Wednesday, October 10, 2007

My Name is Nobody

The cousin/roommate has been transferring my grandfather's biography tapes to CD over the past few weeks, so every now and then when I pass by his room I hear things like "And so I told that fella ... that he could take his job ... and shove it up his ass."

Grandpa was a sailor.

So, last night, while driving out to Costco we were playing one in the car, and he's talking about his days in the Brooklyn Naval Yard before he sailed on the Indianapolis (side note: yesterday afternoon we heard all about how he saw FDR get a bath - ! - grandpa spied him through a neighboring porthole while FDR was on board ship), and he's going on about painting with enamel and some long story about not obeying orders but how it didn't mean anything but that he knew this guy Randall was out to get him but he would never disobey orders again except for that time he didn't ask for permission to leave the ship when he was walking his family down after a visit and he had to come back and the officer of the deck, who didn't want to dress him down in front of his parents, told him to ask for permission to come and go because that's the way they do it in the Navy and he saluted the officer and saluted the flag and then went back down to his parents to tell him how he had gotten in trouble, thereby dressing himself down in front of his parents...

You get it. They're old man stories ("So I tied an onion on my belt, because it was the style at the time"), but with some gems.

One of those gems is the story of Phyllis Petrucelli.
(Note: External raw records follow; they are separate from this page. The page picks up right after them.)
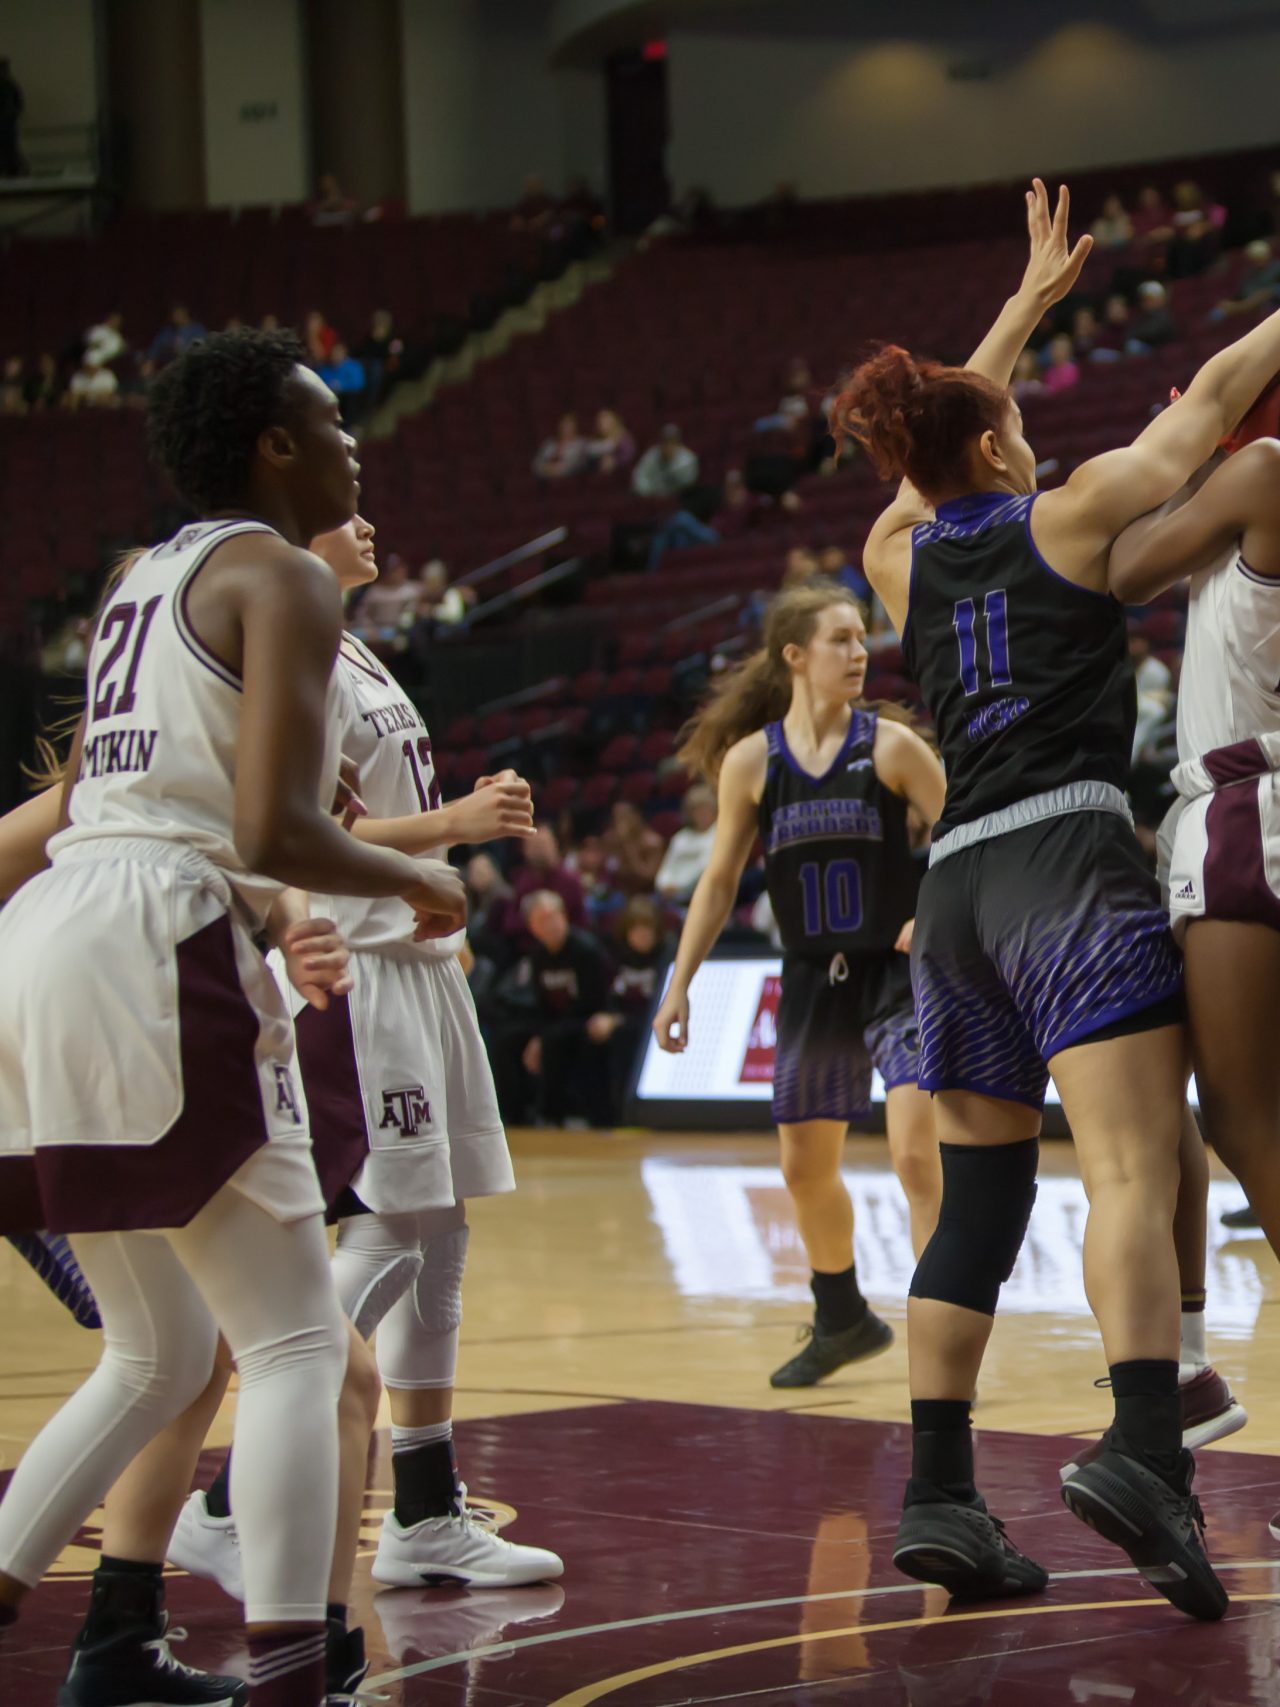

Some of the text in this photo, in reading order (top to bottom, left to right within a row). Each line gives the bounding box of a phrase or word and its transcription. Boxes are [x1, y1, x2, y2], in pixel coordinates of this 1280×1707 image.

[92, 594, 164, 723] 21
[952, 589, 1012, 697] 11
[361, 702, 416, 738] TEXAS
[799, 859, 863, 935] 10
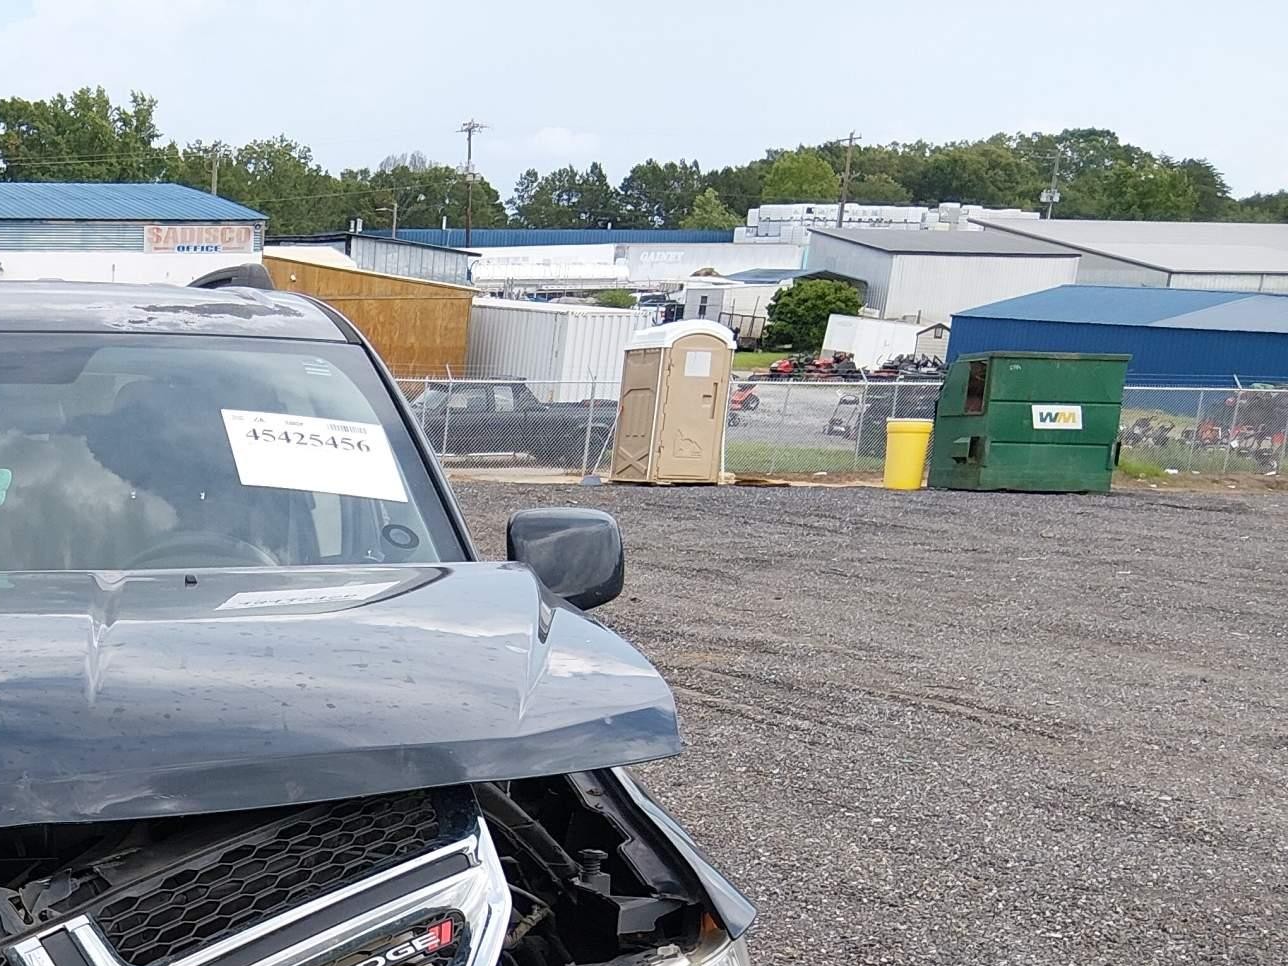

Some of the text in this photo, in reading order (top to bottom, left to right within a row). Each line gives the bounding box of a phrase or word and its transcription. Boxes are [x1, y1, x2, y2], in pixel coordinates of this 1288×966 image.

[147, 227, 251, 244] SADISCO
[1038, 411, 1076, 424] WM
[245, 427, 371, 453] 45425456
Her father didn't like that Luigi, that sailor, so they had to meet on the sly in Jersey and because they walked in the shadows a rumor started that she was pregnant. Now ... Grandpa wasn't a simple man. He was a naive man, in a simple way, and he doesn't quite explain the connection between walking in the shadows and splitting up when they came to the neighborhood (so no one would know they were together) with her being pregnant. And it doesn't seem to be connected with being in the shadows as much as when they separated at the neighborhood -- he knew that hiding their relationship would get them into this kind of trouble ... ? So everyone said they had to get married -- even though she wasn't pregnant -- but just before he shipped out he got drunk at a party and told a friend that he couldn't get married before he shipped out because he was "just too drunk."

So if he hadn't gotten drunk and had married Phyllis in Jersey City (or if an ulcer hadn't kept him out of the war and off of the Indianapolis when it went down), there's a really good chance that I wouldn't be here.

Fascinating.

2 comments:

Rachel said...

Wow...isn't it great what went into getting us on this planet? I am here thanks to a state penitentiary. Long story ;) Great writing...especially the opening!

li'l hateful said...

Ah, prison stories ... I always say, don't hold back on a good prison story.